Image-backed grounding data:
▼▼▼
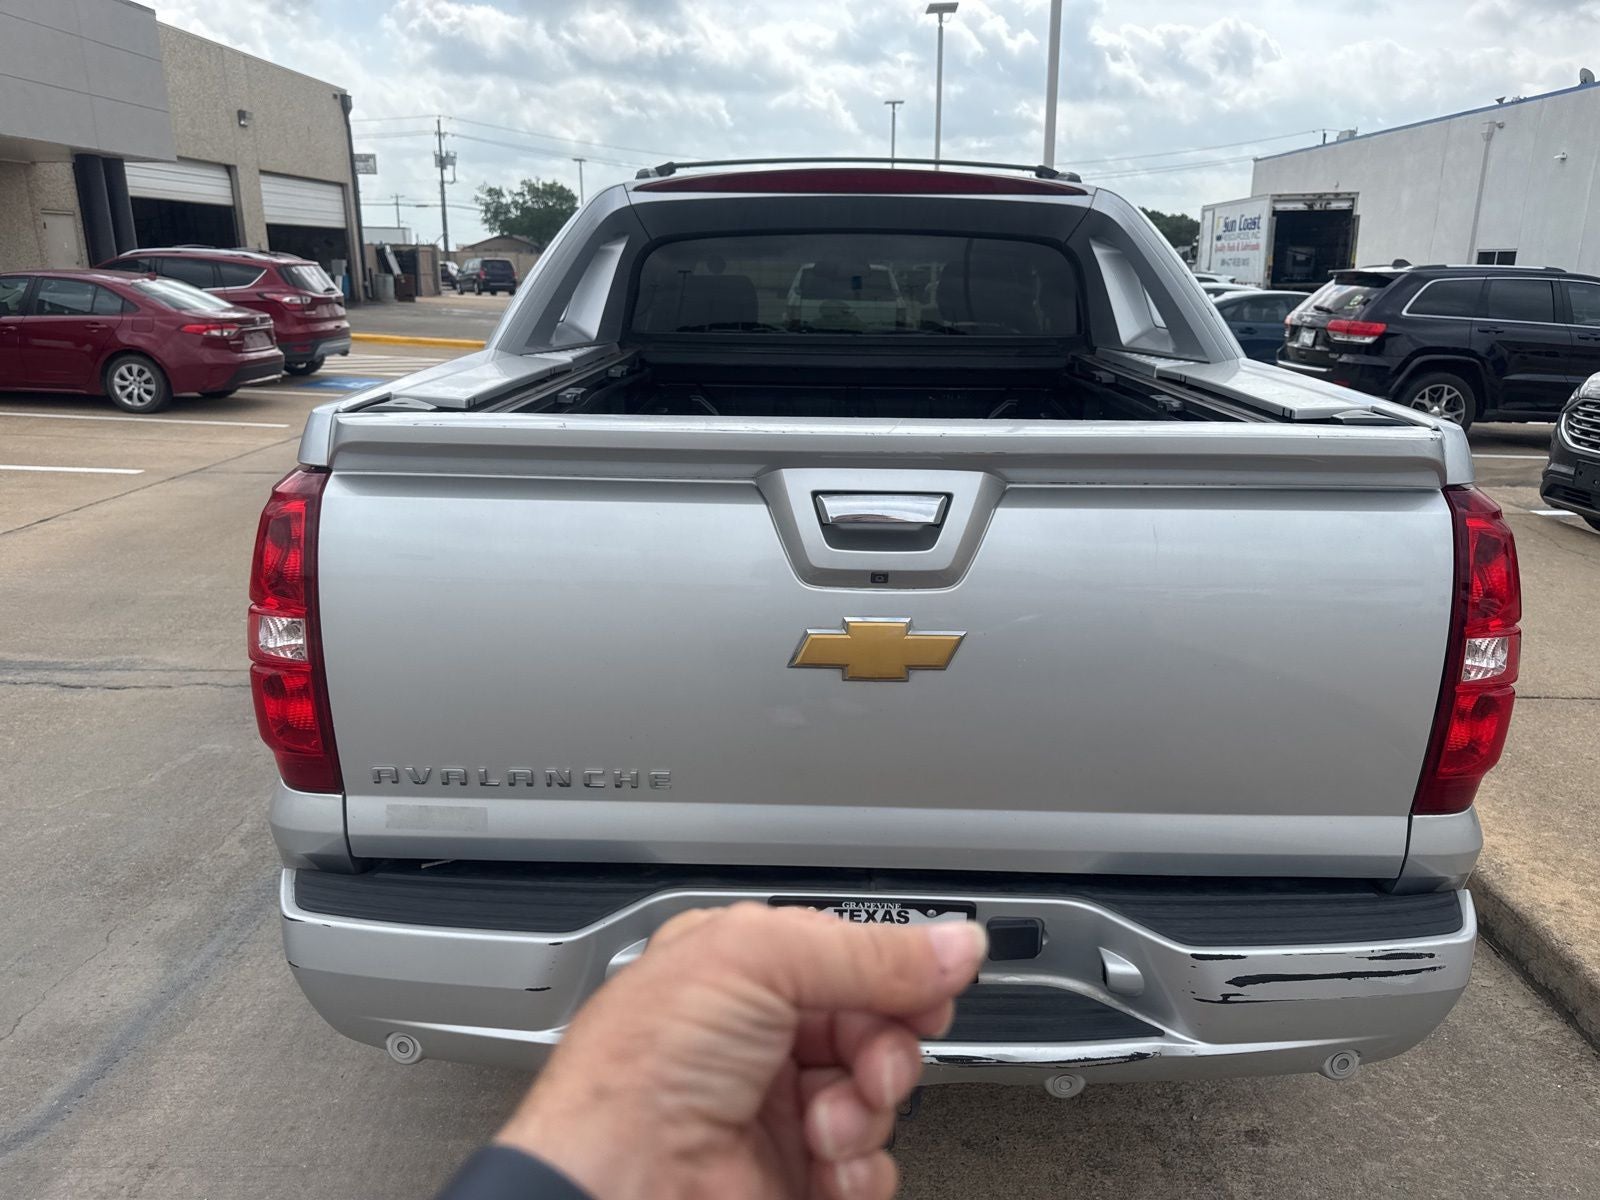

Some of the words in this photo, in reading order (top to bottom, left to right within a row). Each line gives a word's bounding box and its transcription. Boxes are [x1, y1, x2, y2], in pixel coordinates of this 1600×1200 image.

[1222, 217, 1236, 232] Sun
[1239, 214, 1261, 230] Coast
[371, 765, 672, 789] AVALANCHE
[841, 901, 902, 910] GRAPEVINE
[833, 908, 911, 924] TEXAS
▲▲▲
Aim of the exercise:
Exact copy, no pictures: please print every record above as written.

Solution:
Some of the words in this photo, in reading order (top to bottom, left to right within a row). Each line gives a word's bounding box and its transcription. Boxes are [x1, y1, x2, y2], in pixel coordinates of this 1600×1200 image.

[1222, 217, 1236, 232] Sun
[1239, 214, 1261, 230] Coast
[371, 765, 672, 789] AVALANCHE
[841, 901, 902, 910] GRAPEVINE
[833, 908, 911, 924] TEXAS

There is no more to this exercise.